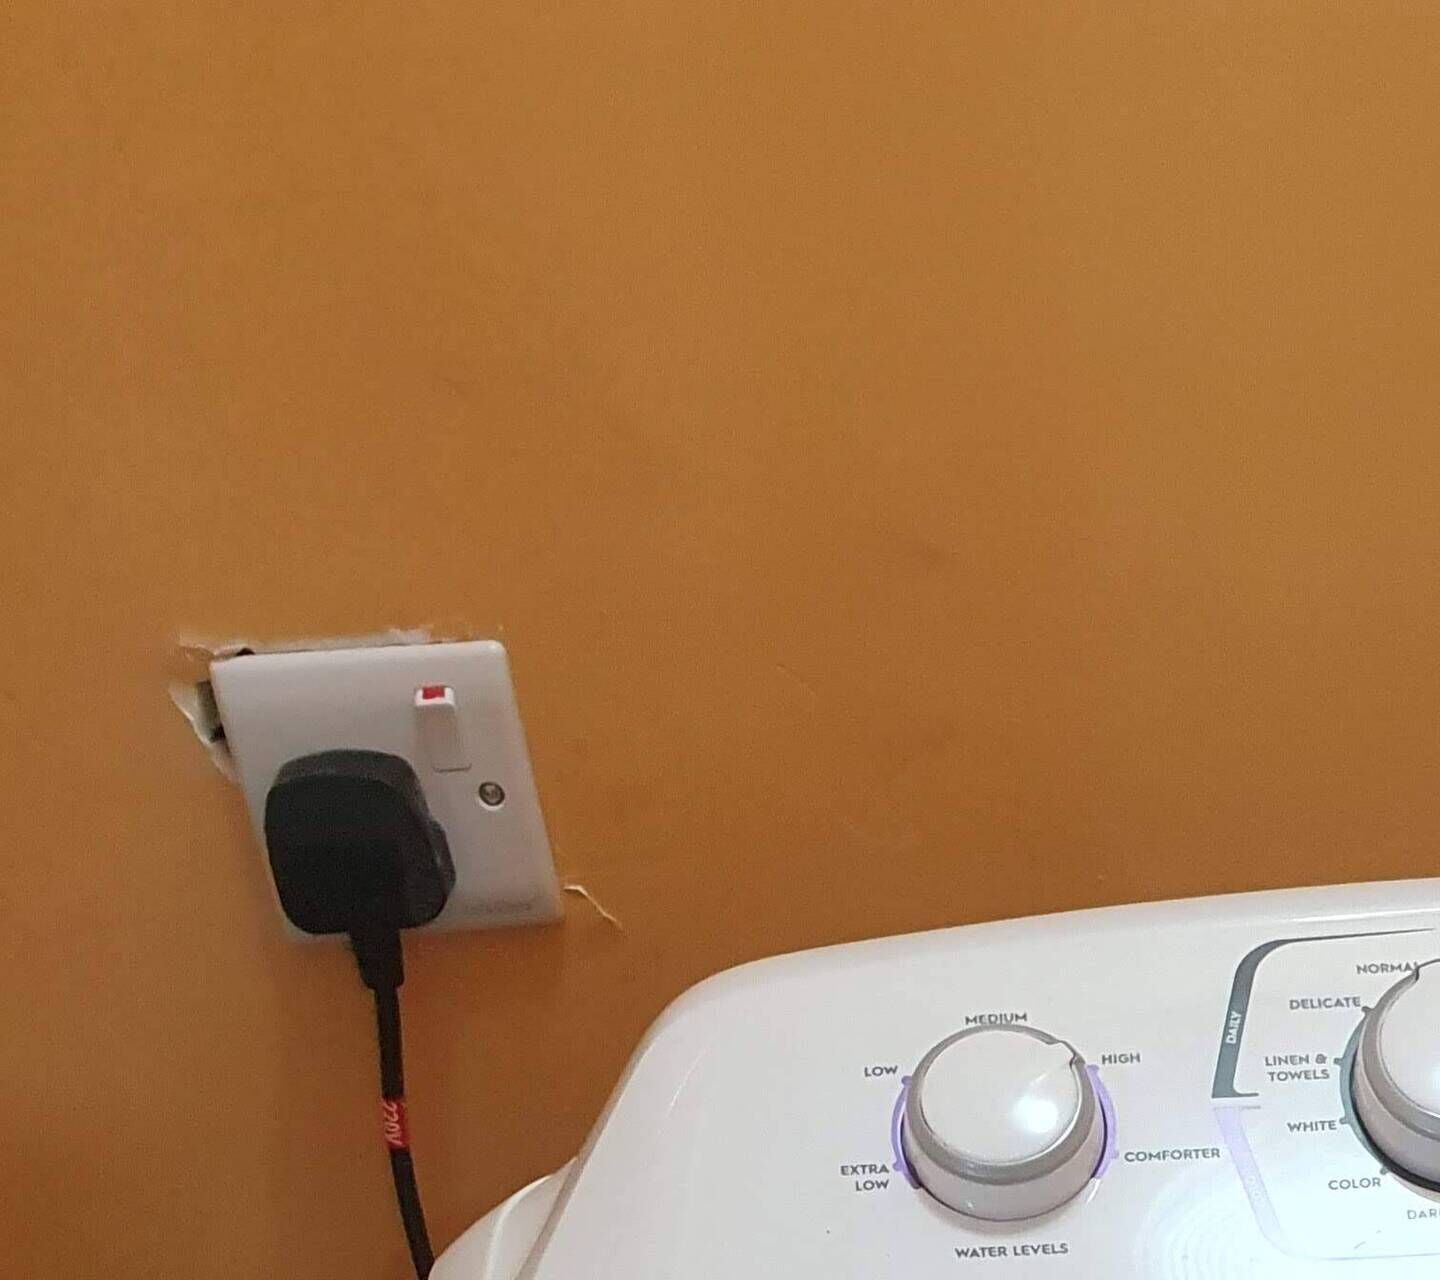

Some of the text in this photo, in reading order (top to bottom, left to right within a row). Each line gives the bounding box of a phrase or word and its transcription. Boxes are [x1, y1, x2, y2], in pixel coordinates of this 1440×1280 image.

[1356, 961, 1418, 975] NORMA
[1289, 996, 1361, 1010] DELICATE
[965, 1012, 1028, 1026] MEDIUM
[1225, 1011, 1242, 1045] DAILY
[1101, 1052, 1141, 1065] HIGH
[1265, 1053, 1327, 1067] LINEN &
[864, 1065, 898, 1078] LOW
[1268, 1069, 1330, 1082] TOWELS
[1288, 1119, 1337, 1133] WHITE
[1124, 1147, 1221, 1163] COMFORTER
[841, 1163, 889, 1177] EXTRA
[855, 1179, 889, 1191] LOW
[1328, 1177, 1381, 1191] COLOR
[954, 1242, 1069, 1259] WATER LEVELS
****
:: PROBLEM DESCRIPTION ::
Retype all the records exactly and keep out every picture.

:: YOUR SOLUTION ::
Some of the text in this photo, in reading order (top to bottom, left to right within a row). Each line gives the bounding box of a phrase or word and its transcription. Boxes are [x1, y1, x2, y2], in pixel coordinates of this 1440×1280 image.

[1356, 961, 1418, 975] NORMA
[1289, 996, 1361, 1010] DELICATE
[965, 1012, 1028, 1026] MEDIUM
[1225, 1011, 1242, 1045] DAILY
[1101, 1052, 1141, 1065] HIGH
[1265, 1053, 1327, 1067] LINEN &
[864, 1065, 898, 1078] LOW
[1268, 1069, 1330, 1082] TOWELS
[1288, 1119, 1337, 1133] WHITE
[1124, 1147, 1221, 1163] COMFORTER
[841, 1163, 889, 1177] EXTRA
[855, 1179, 889, 1191] LOW
[1328, 1177, 1381, 1191] COLOR
[954, 1242, 1069, 1259] WATER LEVELS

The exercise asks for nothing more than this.